Si solo vemos los riesgos, nunca entenderemos lo que puede pasar ahí.
El empresario o directivo es una persona con conocimientos, capacidades, actitudes y valores para dirigir equipos humanos.
Ha adquirido familiaridad con los problemas económicos; sabe lo que es un balance y una cuenta de resultados; ha tenido que diseñar una estrategia, negociar con los sindicatos, pelearse con los competidores, convencer a los clientes, atender a muchas cosas, tener criterios claros sobre lo que conviene y lo que no conviene.

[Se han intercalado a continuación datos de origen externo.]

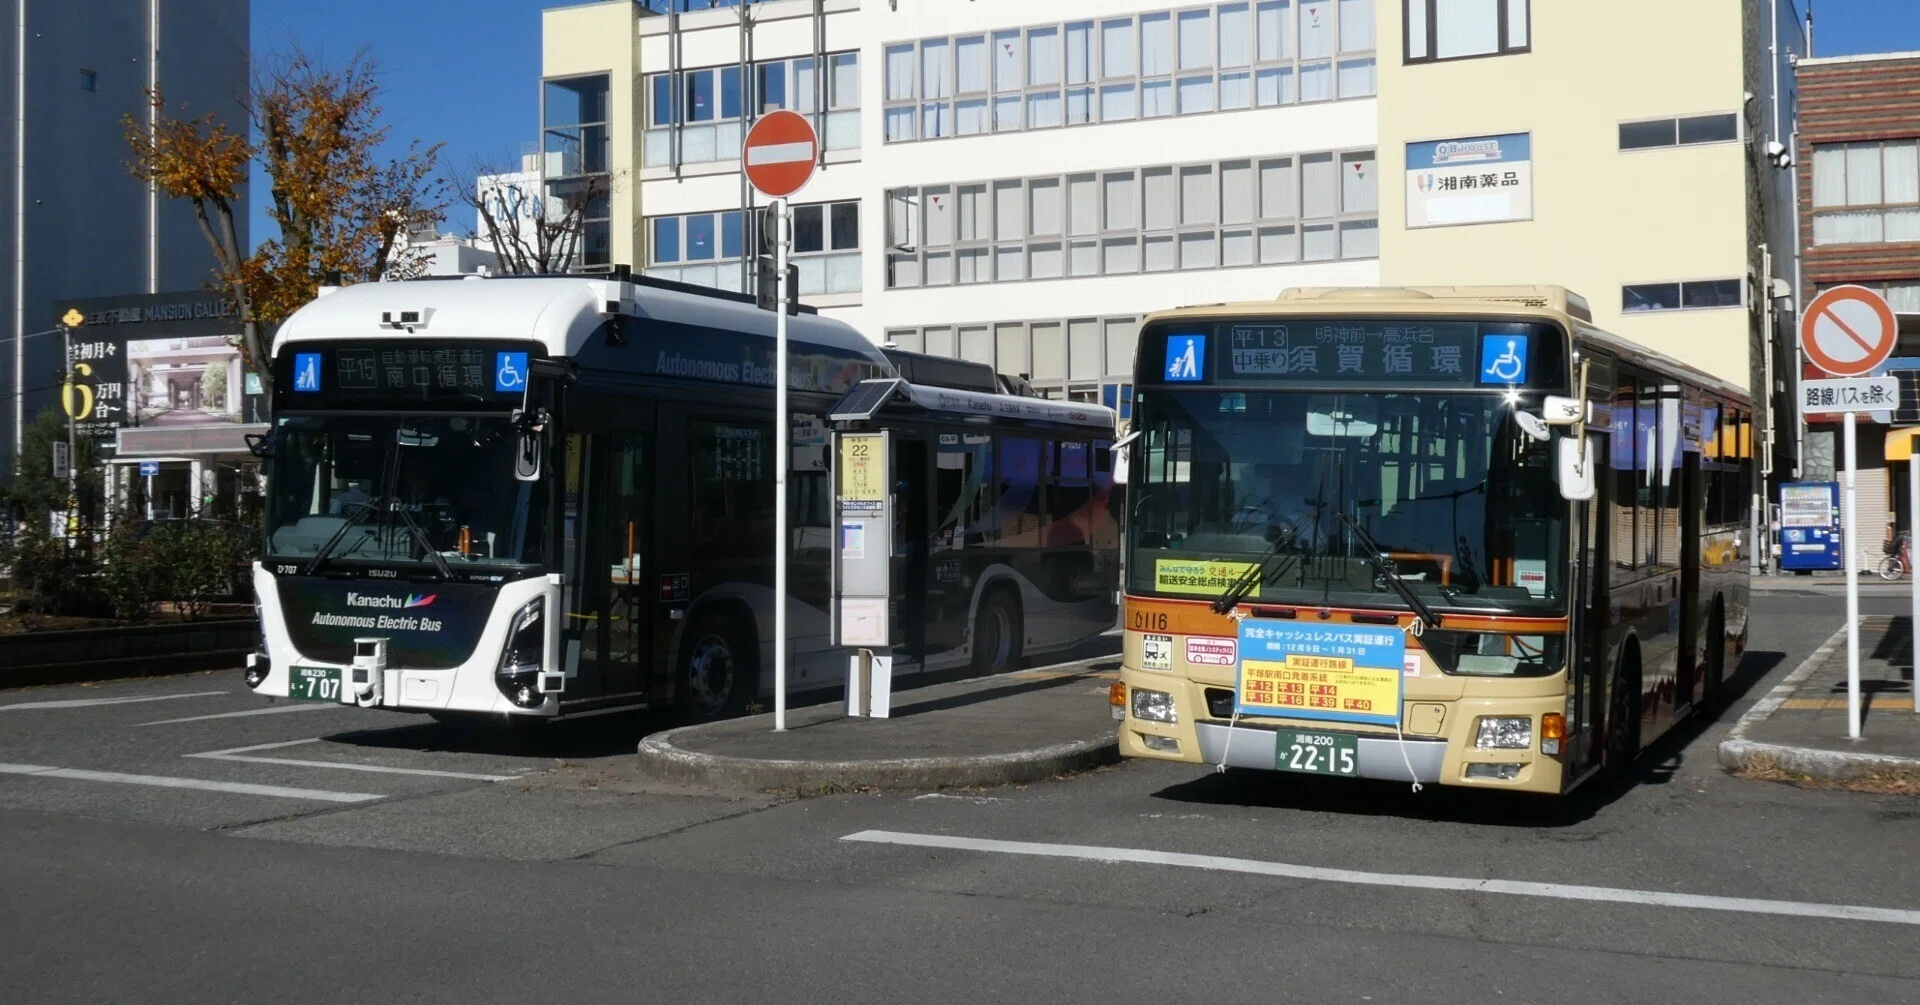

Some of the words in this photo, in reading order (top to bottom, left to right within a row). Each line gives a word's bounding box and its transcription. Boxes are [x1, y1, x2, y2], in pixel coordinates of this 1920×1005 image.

[1438, 172, 1519, 191] 湘南薬品
[145, 305, 193, 321] MANSION
[195, 301, 241, 318] GALLE
[340, 358, 375, 381] 平15
[656, 351, 739, 381] Autonomous
[1235, 351, 1287, 369] 中乗り
[1806, 385, 1894, 406] 路線バスを除く
[852, 444, 868, 456] 22
[368, 569, 397, 578] ISUZU
[347, 592, 402, 608] Kanachu
[312, 612, 375, 628] Autonomous
[377, 615, 418, 631] Electric
[420, 618, 442, 632] Bus
[1292, 657, 1347, 669] 実証運行路線
[1280, 751, 1288, 760] か
[1289, 744, 1354, 774] 22-15
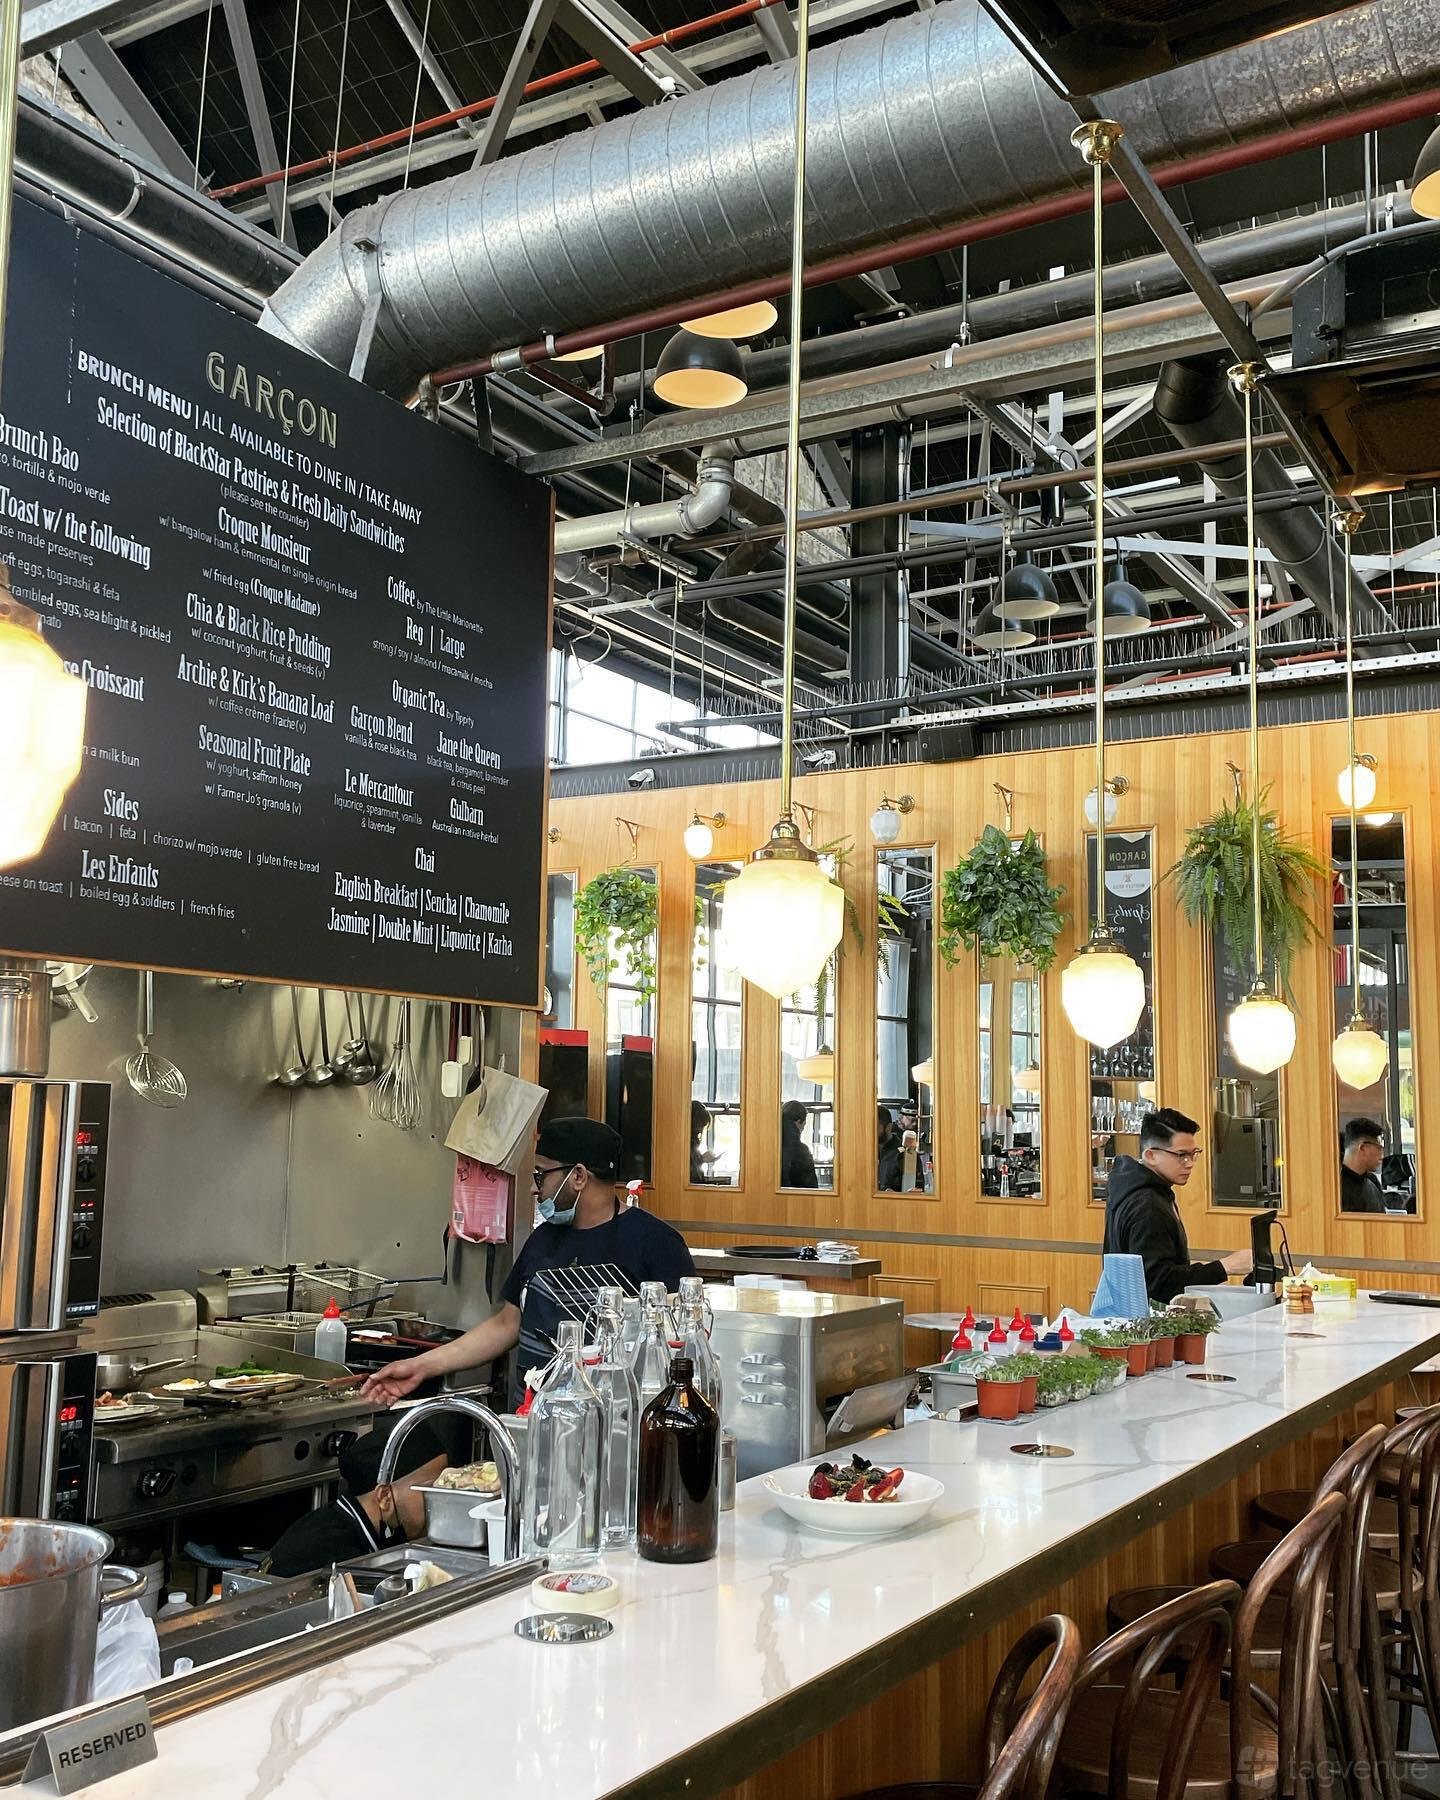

El peligro del empresario metido a político es el conflicto de intereses: tener un sesgo en sus actuaciones en favor de la empresa de la que proviene.
Pero esto mismo pasa en muchos casos, en la vida privada: por ejemplo, es frecuente que una empresa contrate a un directivo que venga del mismo sector, de modo que podrá tener preferencias por ciertos proveedores, o mejores tratos con ciertos clientes, o deseará llevarse consigo a sus empleados más eficaces, o conocerá muchos secretos de su antiguo empleo.
Pero esto está contemplado en la legislación: lo que procede es que los controles y la transparencia funcionen bien.
La puerta giratoria funciona también en sentido contrario, de la política a la empresa privada.
Los peligros son parecidos: un trato de favor a ciertas empresas o sectores, por si el político puede recalar en ellas cuando cambie el viento; la conservación a amistades y relaciones, que pueden dar lugar a tratos de favor de otros.
Pero, insisto, esto pasa también en la empresa: los contratos de los directivos suelen tener cláusulas rigurosas sobre la posibilidad de trabajar en la competencia o de llevarse los secretos de una empresa a otra.
De nuevo, lo que procede es cuidar las normas de prudencia y cumplir la ley.